The inside efforts have been matched with enthusiastic organizing on the outside. The People over Pentagon coalition, which brings together a diverse set of organizations to dramatically reduce the size of the Pentagon budget in order to fund human needs, sent a letter to Congress signed by over 60 groups supporting the amendment; Win Without War activists alone have taken nearly 120,000 actions  — signing petitions, sending emails, and making calls to Congress — and activists have placed dozens of op-eds and LTEs around the country in support of this amendment.  

The energy coming from the progressive foreign policy movement is also buoyed by broad public support. A recent poll shows a majority want to transfer Pentagon spending to other priorities, such as combatting the coronavirus. And the issue is becoming a part of the national public discourse — from Seth Myers arguing that “decades of conservative governance that has raided the Treasury to dole out billions in defense spending,”to the Movement for Black Lives rolling out a legislative proposal that includes a (yet-to-be-written provision) to dramatically reduce the DOD budget.   

Despite these signs of progress, some might argue that the stranglehold of the arms industry over Congress will block any real chance of change. After all, the GOP’s latest proposal is really just business as usual on steroids. Indeed, every time a Pentagon spending bill passes, hundreds of press releases are sent out cheering on the federal dollars coming home for ships, planes, and bombs one day intended for war.

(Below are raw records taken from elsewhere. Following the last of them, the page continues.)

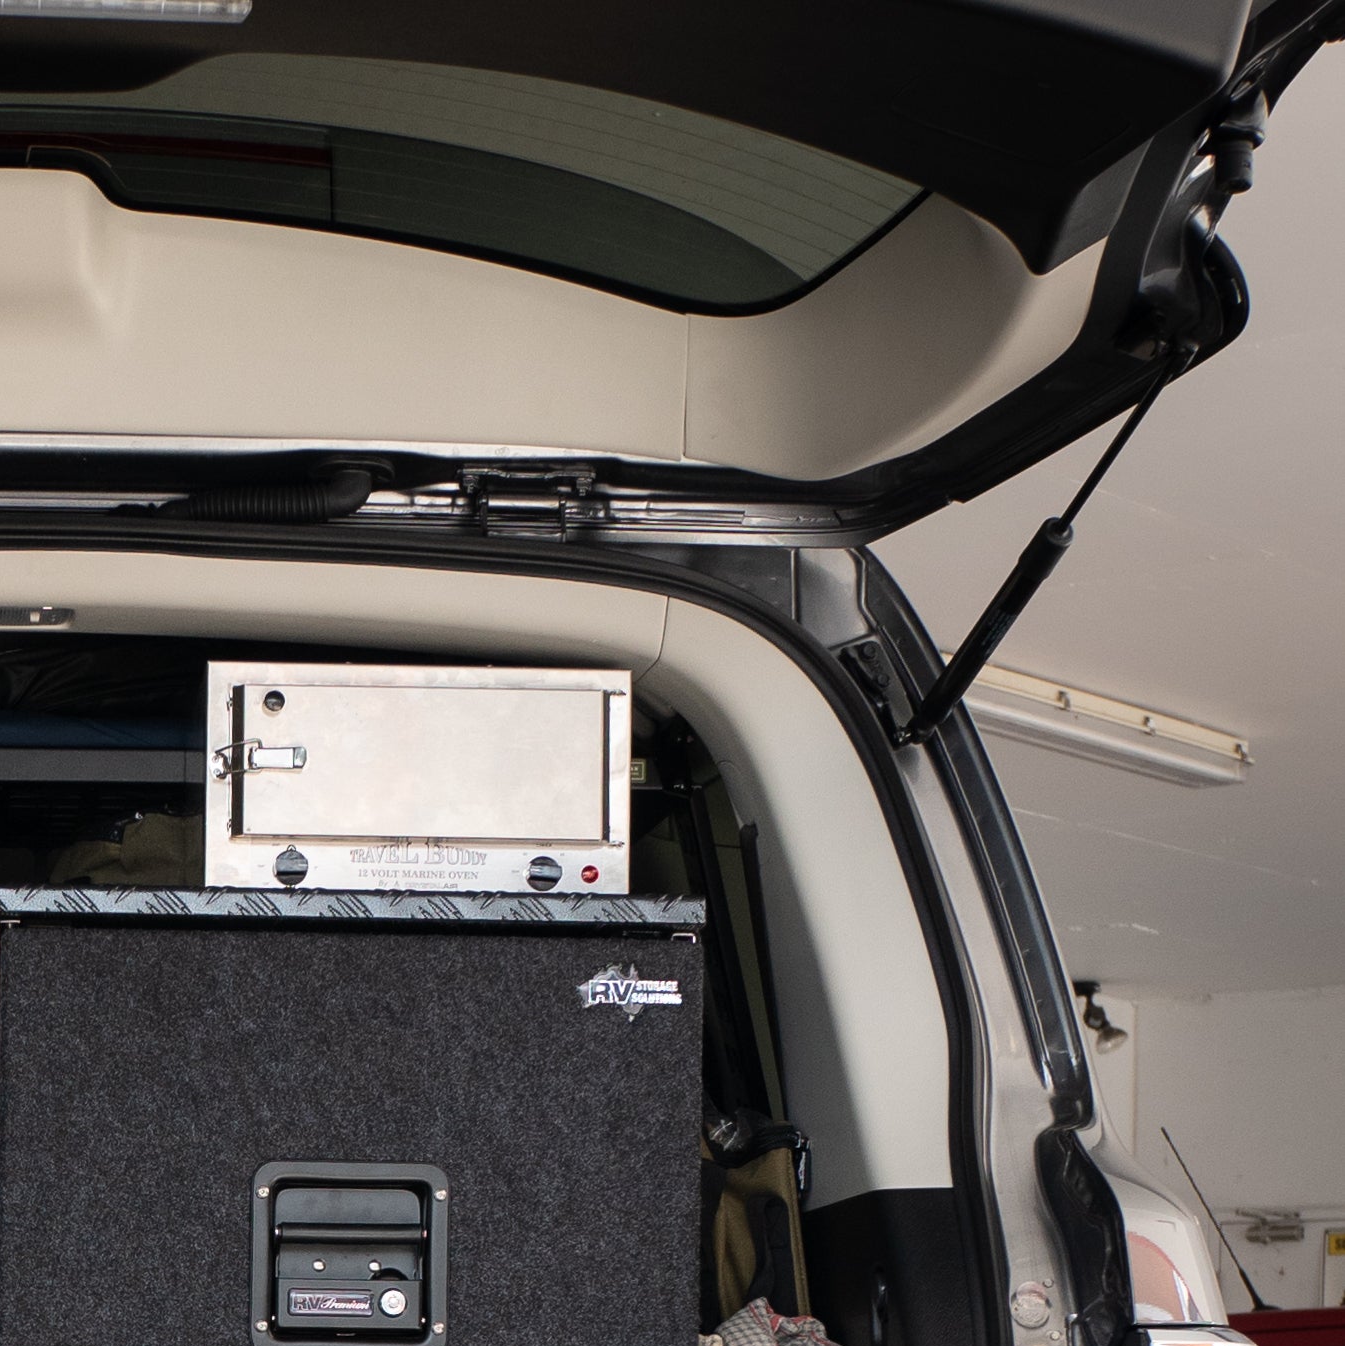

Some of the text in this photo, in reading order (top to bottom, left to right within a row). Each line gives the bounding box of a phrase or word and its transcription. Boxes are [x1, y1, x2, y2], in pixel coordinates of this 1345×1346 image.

[350, 843, 487, 866] TRAVEL BUDDY
[358, 869, 479, 880] 12 VOLT MARINE OVEN
[589, 980, 635, 1004] RV
[636, 981, 678, 992] STORAGE
[632, 993, 682, 1004] SOLUTIONS
[294, 1294, 371, 1311] RV Premium

But this is where time and circumstances are changing things. The progressive movement is much more intersectional, and bolder, than it used to be. It’s no accident that the Sunrise Movement, a group whose mission is to combat the climate crisis, is in the anti-militarism fight while organizations like Win Without War are crying out for action on climate: our struggles are not just intertwined, our strategies are linked too. If we are going to be able to cut the Pentagon, we will need to replace the real investments and jobs Pentagon spending generates with something else. And that’s a perfect entree for the Green New Deal, which will not only lead to a better planet but also more employment and prosperity.

Perhaps the most important indicator that change is possible is the draft Democratic Party 2020 platform, which argues that national security can be provided for less defense spending, and that after two decades, it’s time to end our forever wars. Even as an aspirational document, the platform leaves much to be desired, and the devil is in the details; but that’s where the real work comes in.

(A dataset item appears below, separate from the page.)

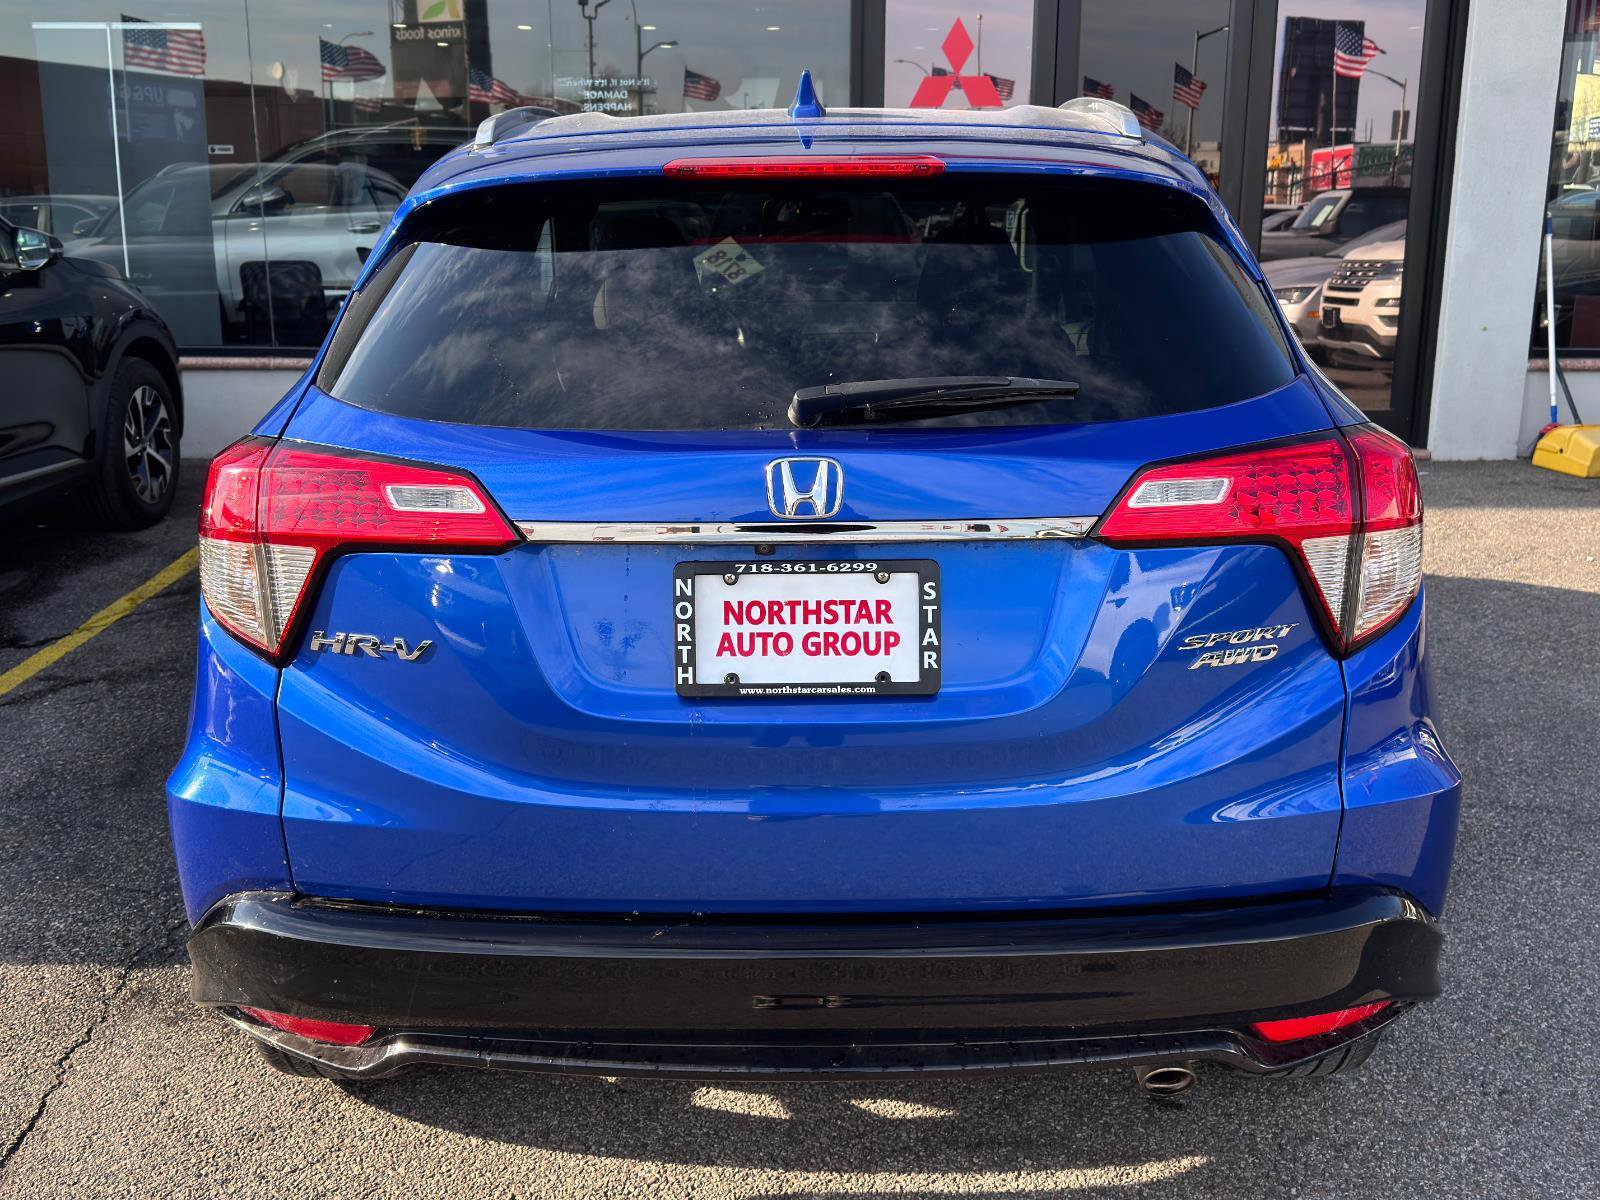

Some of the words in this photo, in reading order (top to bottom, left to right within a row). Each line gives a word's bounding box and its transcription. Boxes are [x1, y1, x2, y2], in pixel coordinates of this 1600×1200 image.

Should Joe Biden be elected president, the progressive movement inside and outside of Congress is in its best position in years to cut the Pentagon budget. Not only are Pocan and Lee not giving up, they’re forming a new caucus on the issue. Senators Sanders and Warren continue to be forceful voices in the Senate and with the public. And the movement’s not slowing down: in response to the new GOP bill, 75 organizations just sent a letter to congressional leadership, amplifying a demand from April that no more COVID-relief money be spent on the Pentagon.

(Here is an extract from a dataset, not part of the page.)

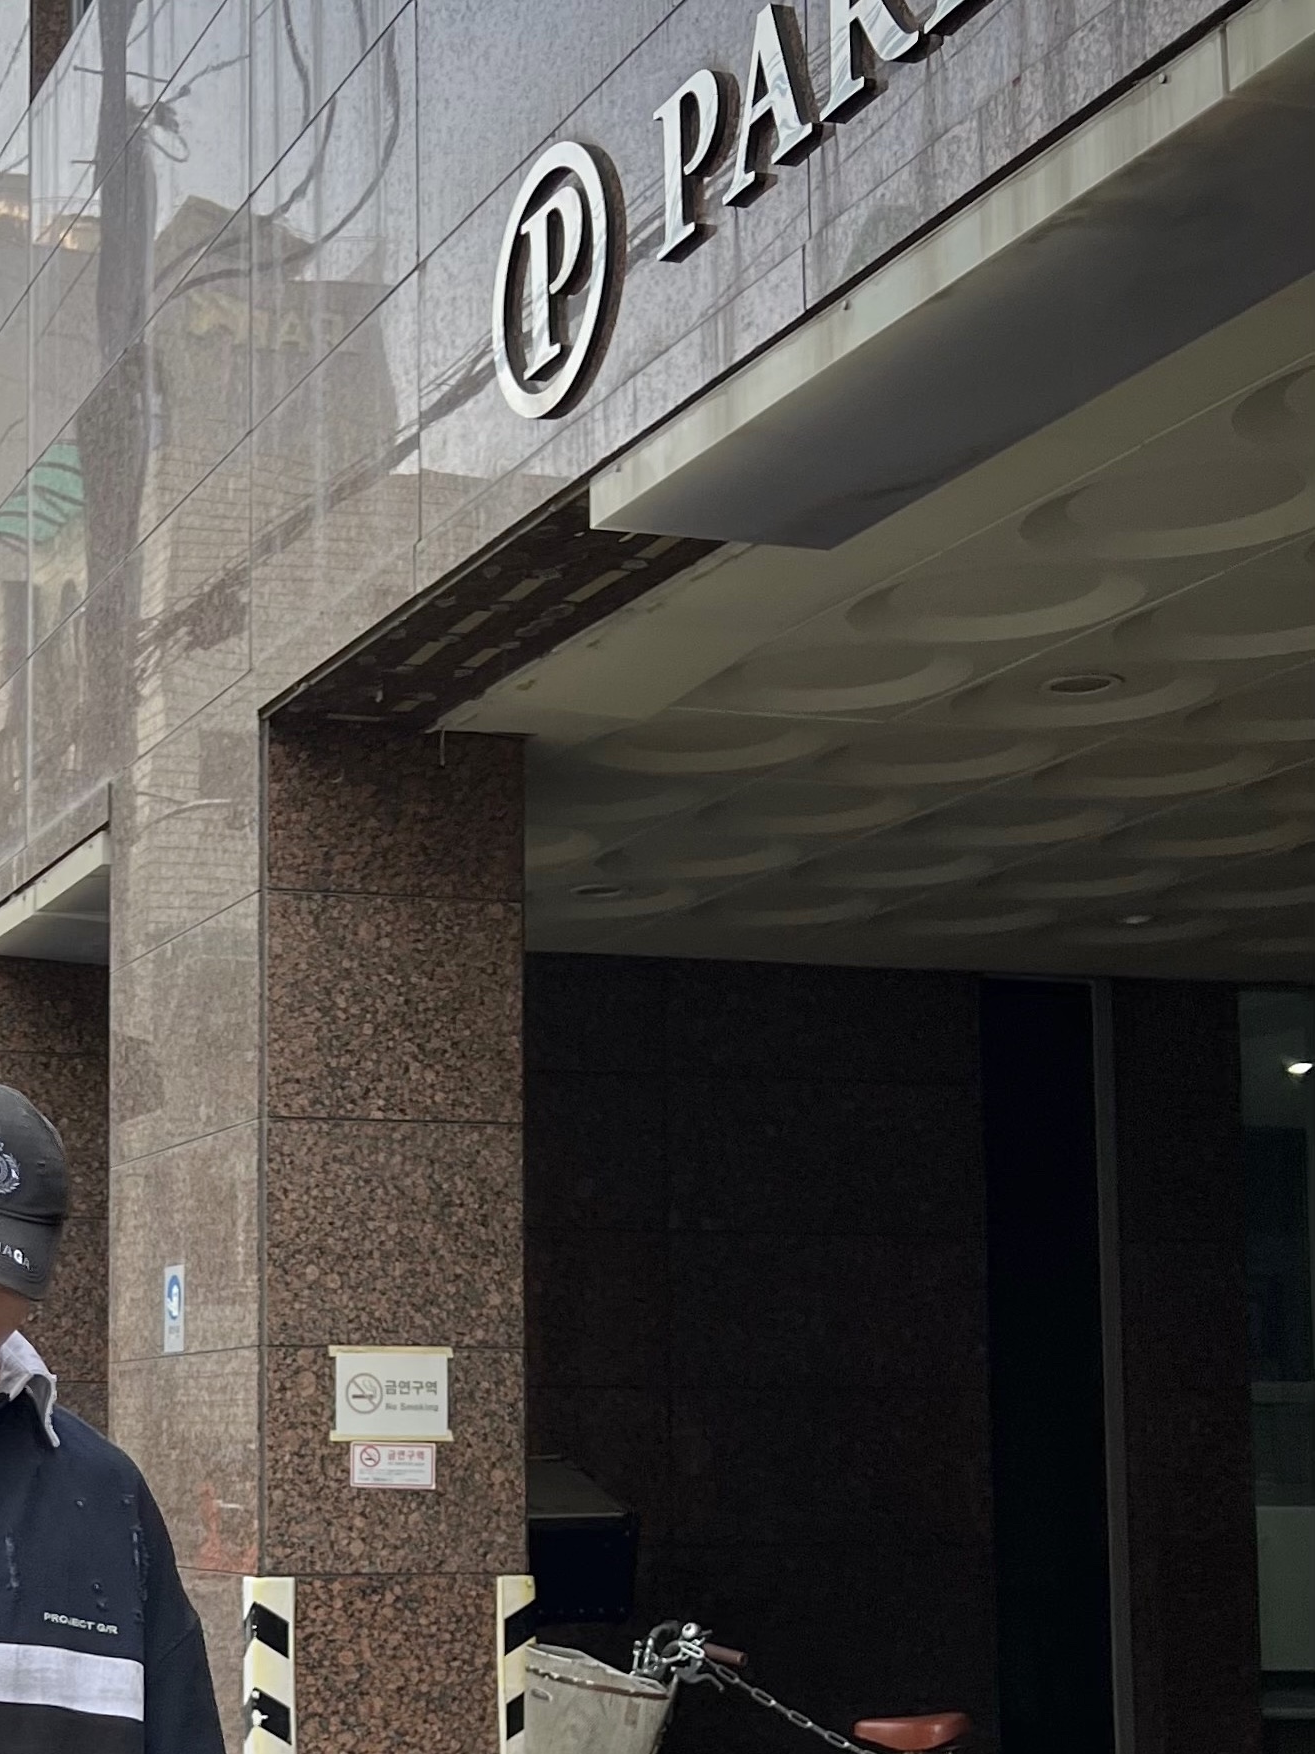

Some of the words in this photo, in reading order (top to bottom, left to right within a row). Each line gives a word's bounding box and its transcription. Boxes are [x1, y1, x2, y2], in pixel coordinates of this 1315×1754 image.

[653, 0, 987, 262] PAR
[385, 1380, 437, 1395] 금연구역
[43, 1611, 96, 1630] PROJECT

Finally, in 2021 for the first time in 10 years, lawmakers will have a major chance to reprioritize federal spending. That’s because the Budget Control Act of 2011, which locked in so-called “defense” and “non-defense” spending levels for a decade and prevented the transfer of money between those two categories, will expire. 

So let’s dream big and end the era of massive defense spending. Coupled with a possible shift to Democratic governance, major public support, and a fired up progressive movement, our moment to win is upon us.